Just curious to see what arrow length my fellow 27" draw archers are shooting. I just recently changed rest I could possibly shoot a 25.5" arrow from throat of nock to end of arrow, but I have been told that this short of arrow will not group consistantly. I want to stay as short as I can within reason. Hate to go to short and cause poor grouping, but I don't want to leave them too long and have the extra weight. I guess I am looking for a happy medium. Just wondering what length other 27" draw guys are shooting.


----------



## CowboyJunkie (Oct 9, 2008)

I shoot a 27.5" DL on my hunting rig and 27" on my target rig. My arrows for both setups are 26.5" long in able to keep them spined properly for my setup. I also like to keep my arrow 1" in front of my rest.


----------



## SongDog76 (Feb 16, 2007)

My arrows are 27.75
I could feasibly have cut them 26 but it would have made the spine to stiff at my draw weight. My arrows are only for hunting.

SD


----------



## bentcam (May 19, 2006)

if your setup is right and spline is good their is no reason it will not shoot good. the wifes setup is with a 23 inch GT600 ulti lite pro, and she can wear you out on the 3d range.


----------



## eholguin13 (Nov 3, 2006)

*Length*

I shoot a Ultraelite at 27 and my arrow length is 25. The only grouping problem is that I had to switch to pin nocks to keep my arrows from growing to 50 inches. I shoot cxl2 ss 150's with 115 grains at point and 187 flex fletch vanes.


----------



## jkm97 (Jul 8, 2004)

I shoot 26" shafts perfectly well...


----------



## rock monkey (Dec 28, 2002)

this is a spline




bentcam said:


> if your setup is right and spline is good their is no reason it will not shoot good. the wifes setup is with a 23 inch GT600 ulti lite pro, and she can wear you out on the 3d range.



the proper term is SPINE


from the Beman website
http://www.beman.com/company/faq
_
*Arrow Spine & Weight*
What is arrow spine?

There are two different types of spine - STATIC spine and DYNAMIC spine.

STATIC spine is measured by the amount of flex in the arrow when an 880-gram (1.94 lbs.) weight is suspended from the center of the arrow. The arrow must be 29" in length and supported by two points, which are 28" apart. The number of inches the arrow deflects or bends due to the weight, is the spine size or measurement of an arrow.

DYNAMIC spine describes the way an arrow reacts from the stored energy of a bow as it is shot.
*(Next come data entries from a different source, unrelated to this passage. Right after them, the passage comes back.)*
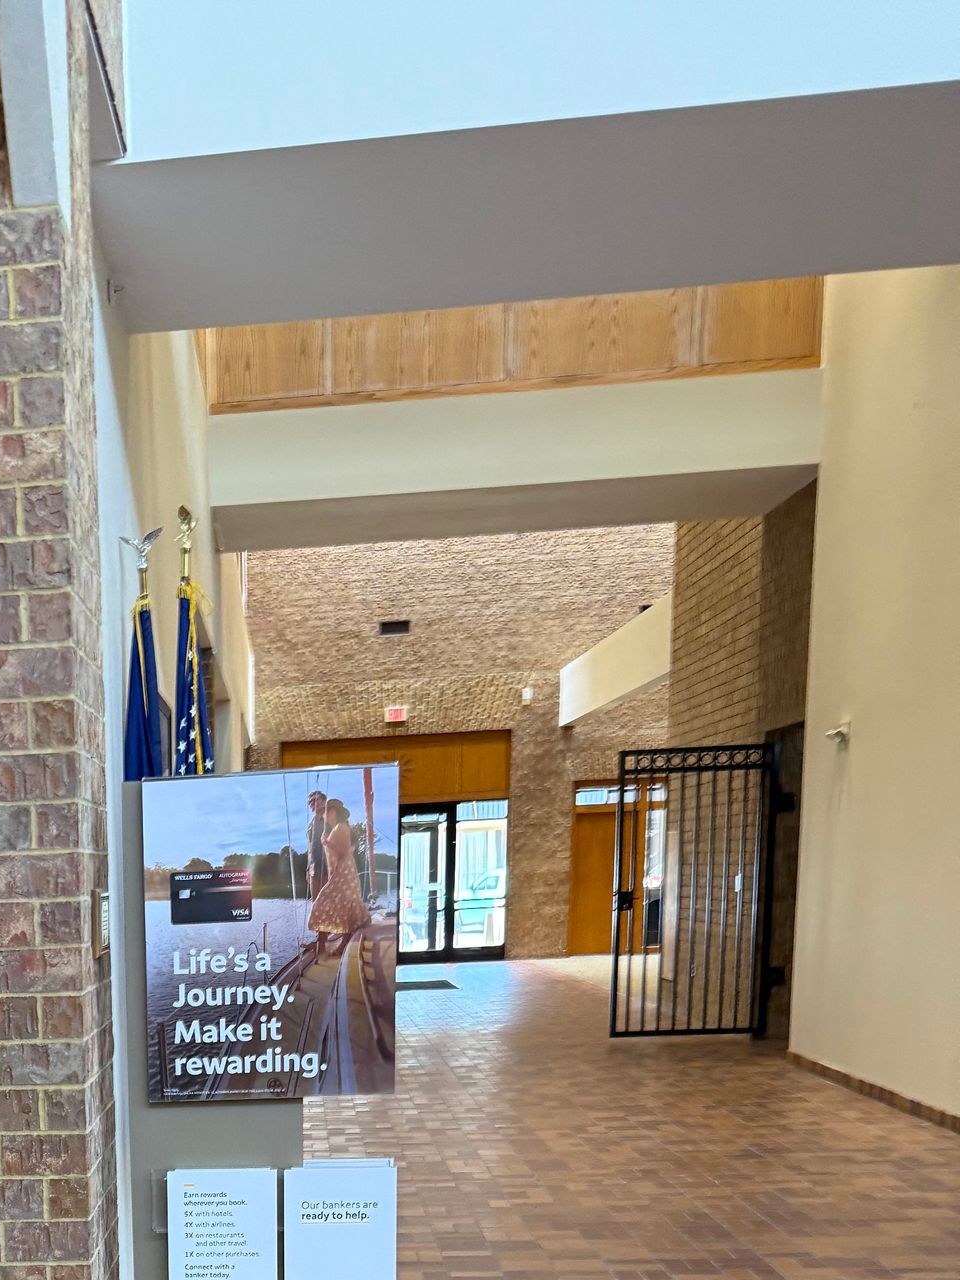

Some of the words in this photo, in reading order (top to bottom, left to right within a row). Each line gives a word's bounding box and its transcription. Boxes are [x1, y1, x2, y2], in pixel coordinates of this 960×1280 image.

[173, 947, 248, 975] Life’s
[255, 952, 271, 971] a
[172, 983, 294, 1011] Journey.
[174, 1018, 253, 1044] Make
[260, 1015, 282, 1041] it
[174, 1047, 327, 1078] rewarding.
[301, 1201, 319, 1209] Our
[322, 1200, 360, 1209] bankers
[301, 1212, 329, 1221] ready
[345, 1210, 369, 1221] help.
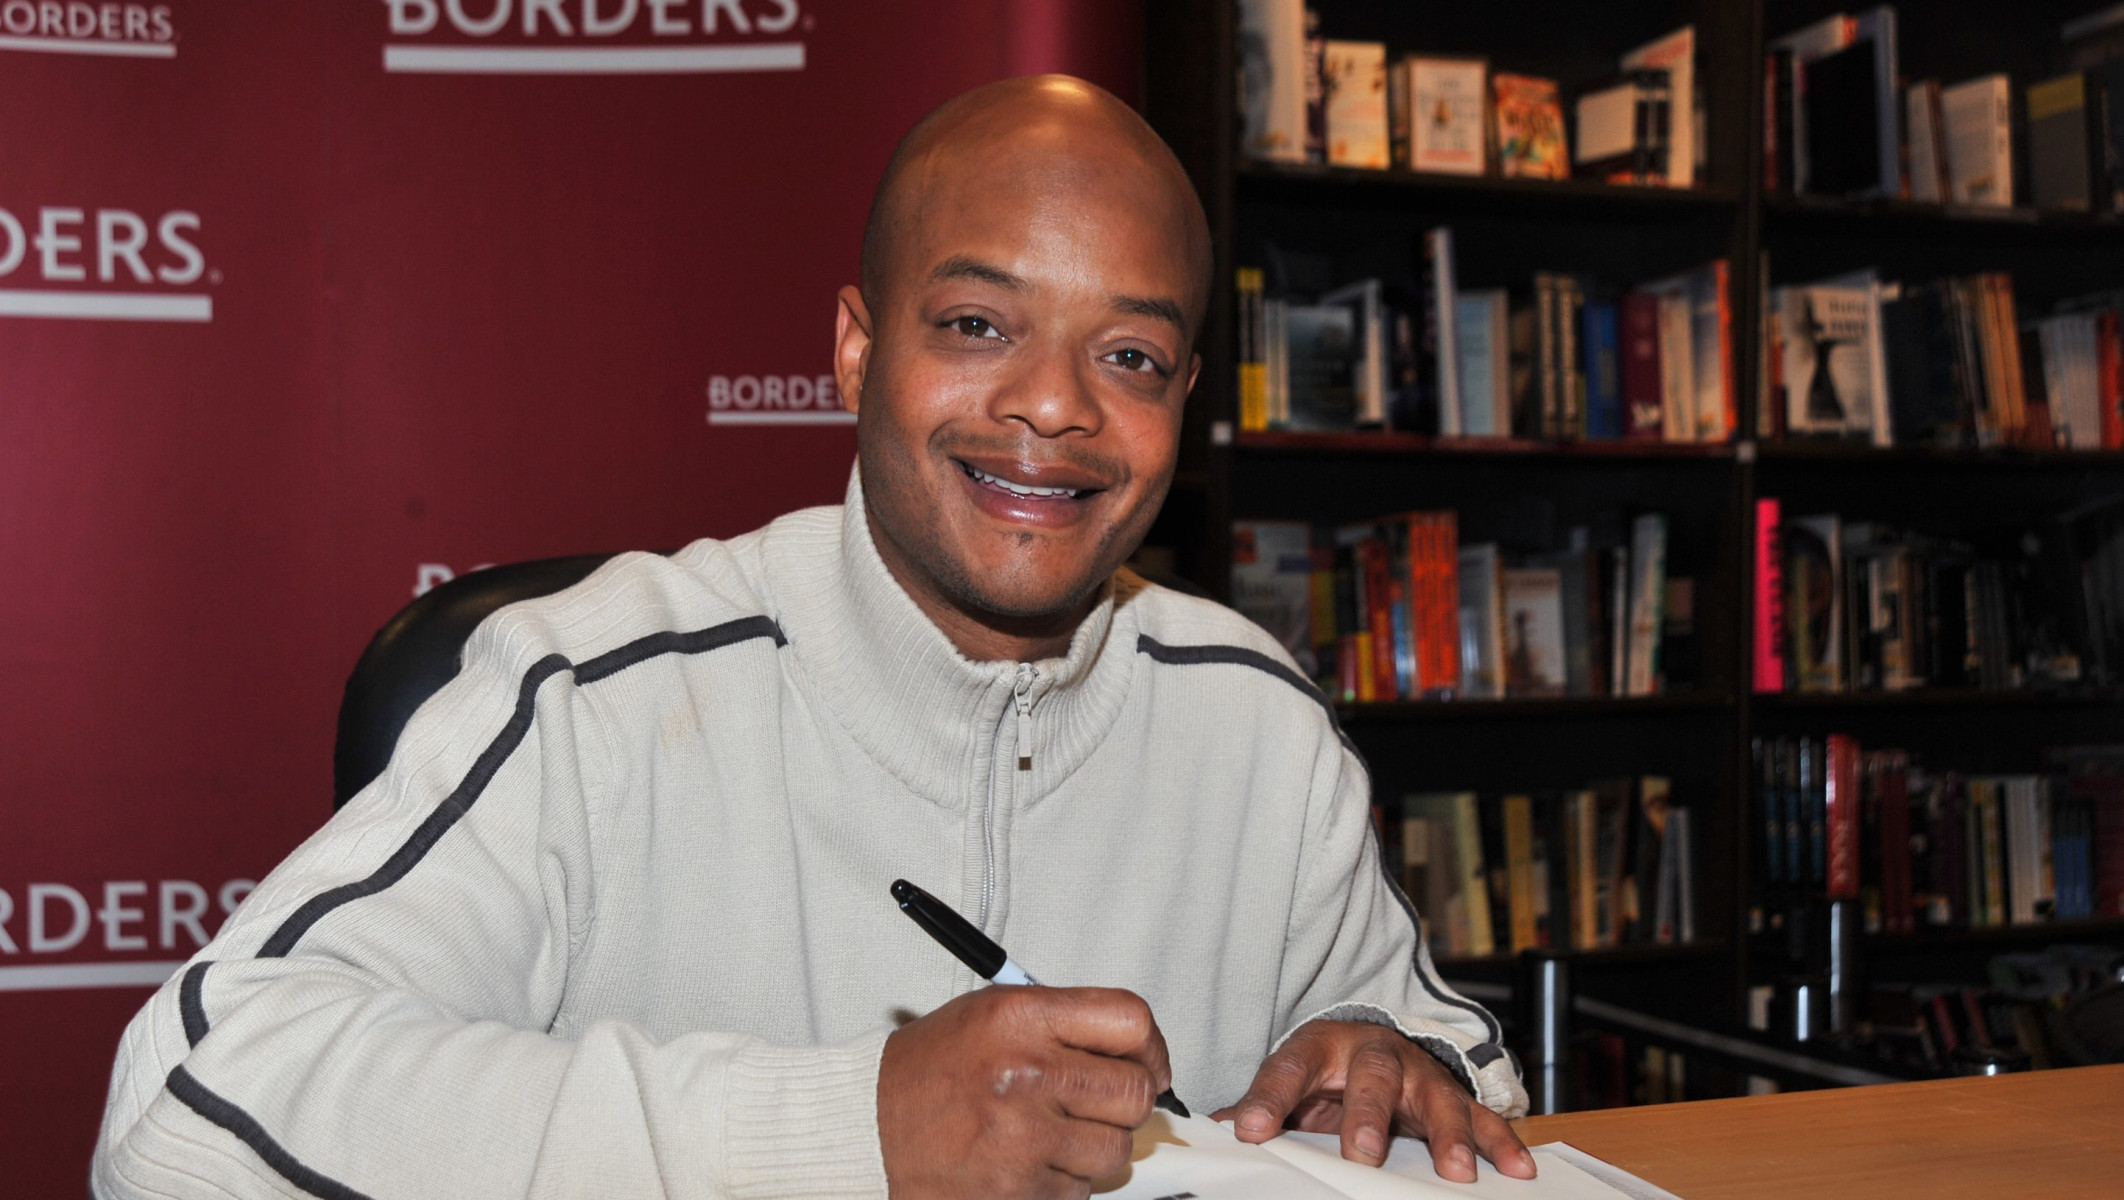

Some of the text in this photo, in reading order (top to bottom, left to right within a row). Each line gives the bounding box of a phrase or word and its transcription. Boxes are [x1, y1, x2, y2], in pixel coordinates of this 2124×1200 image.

[0, 1, 174, 42] ORDERS
[384, 0, 800, 35] BORDERS
[709, 374, 843, 409] BORDE
Several factors determine the way an arrow is going to react when shot out of the bow, including method of release (fingers or mechanical release), amount of energy applied by the bow, the bow's cam system (single, round wheel, hard or soft), weight of the arrow, spine of the arrow, length of the arrow, point weight, nock weight and fletching weight. Even nock set material (traditional brass nock or serving nock), along with string and serving material can influence dynamic spine. Because of the nearly unlimited variables in determining dynamic spine, arrows are usually measured using static spine.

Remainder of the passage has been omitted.